The reply should contain the full listing exactly as written and no pictures at all.
※
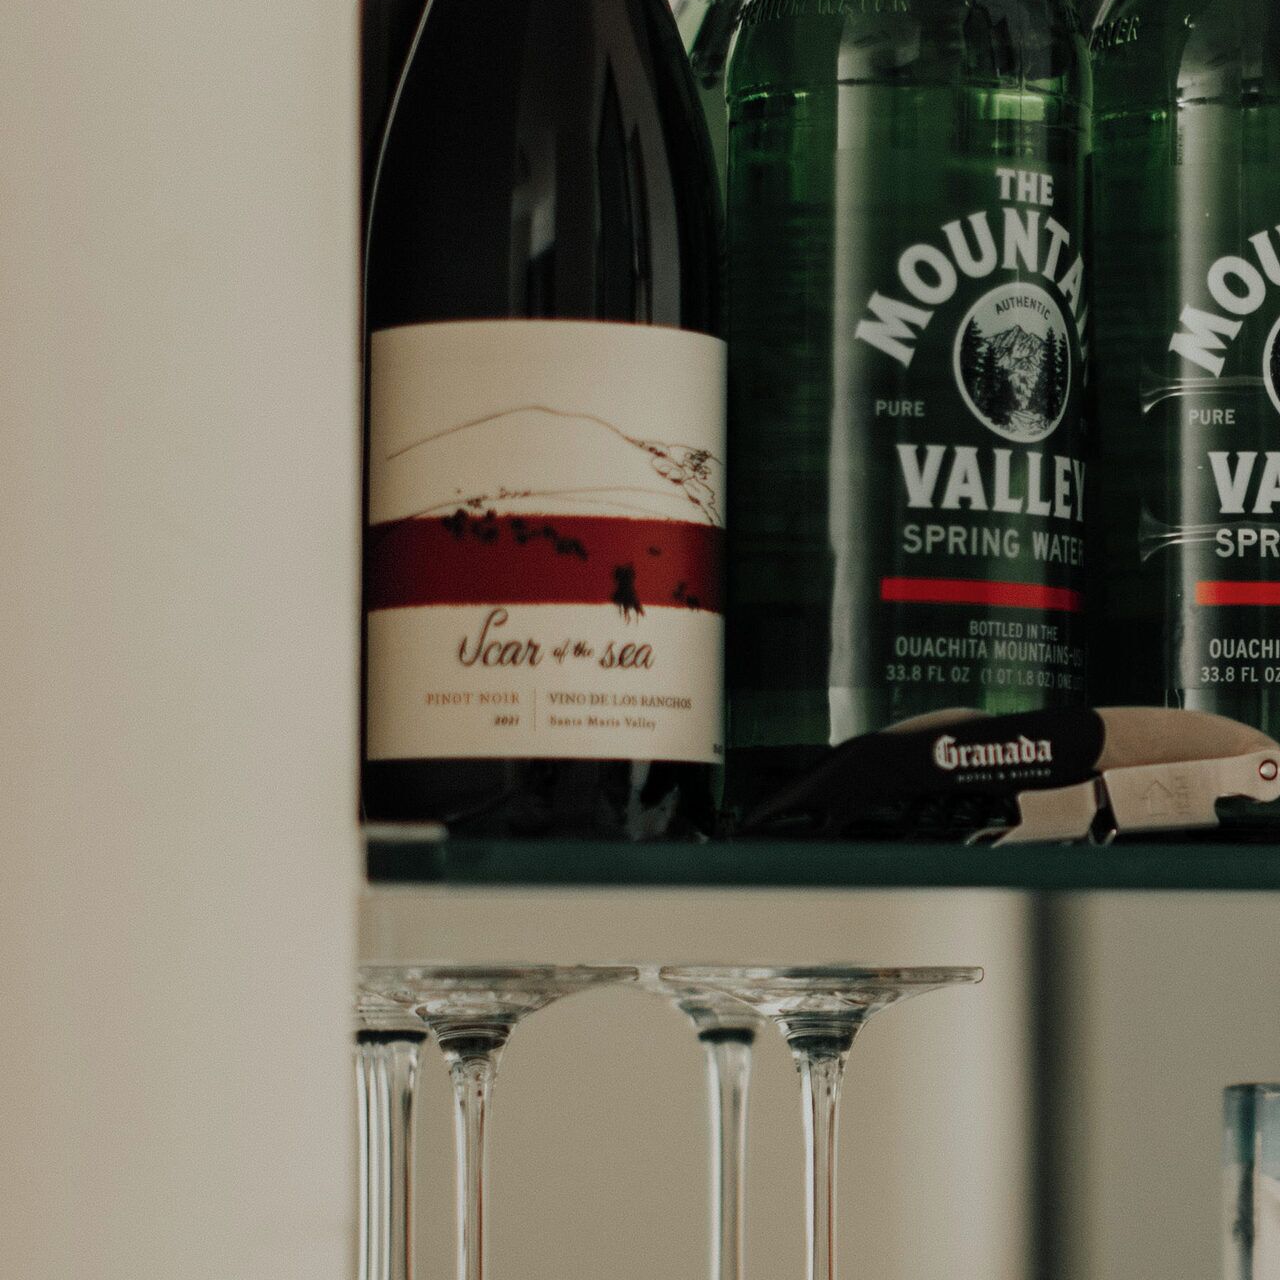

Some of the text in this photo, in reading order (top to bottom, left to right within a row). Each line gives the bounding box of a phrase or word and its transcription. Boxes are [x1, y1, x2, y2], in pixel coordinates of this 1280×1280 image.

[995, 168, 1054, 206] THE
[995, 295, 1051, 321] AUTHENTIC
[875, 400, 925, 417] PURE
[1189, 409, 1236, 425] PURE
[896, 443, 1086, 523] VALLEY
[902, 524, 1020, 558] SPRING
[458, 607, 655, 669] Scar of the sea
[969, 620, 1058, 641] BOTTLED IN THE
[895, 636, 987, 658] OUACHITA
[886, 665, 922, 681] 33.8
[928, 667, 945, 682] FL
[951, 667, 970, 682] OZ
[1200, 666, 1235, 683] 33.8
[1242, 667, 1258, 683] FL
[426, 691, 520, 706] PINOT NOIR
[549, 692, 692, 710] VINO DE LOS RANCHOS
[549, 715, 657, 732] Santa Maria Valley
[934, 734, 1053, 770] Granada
※
YOUR RESPONSE:
Some of the text in this photo, in reading order (top to bottom, left to right within a row). Each line gives the bounding box of a phrase or word and its transcription. Boxes are [x1, y1, x2, y2], in pixel coordinates of this 1280×1280 image.

[995, 168, 1054, 206] THE
[995, 295, 1051, 321] AUTHENTIC
[875, 400, 925, 417] PURE
[1189, 409, 1236, 425] PURE
[896, 443, 1086, 523] VALLEY
[902, 524, 1020, 558] SPRING
[458, 607, 655, 669] Scar of the sea
[969, 620, 1058, 641] BOTTLED IN THE
[895, 636, 987, 658] OUACHITA
[886, 665, 922, 681] 33.8
[928, 667, 945, 682] FL
[951, 667, 970, 682] OZ
[1200, 666, 1235, 683] 33.8
[1242, 667, 1258, 683] FL
[426, 691, 520, 706] PINOT NOIR
[549, 692, 692, 710] VINO DE LOS RANCHOS
[549, 715, 657, 732] Santa Maria Valley
[934, 734, 1053, 770] Granada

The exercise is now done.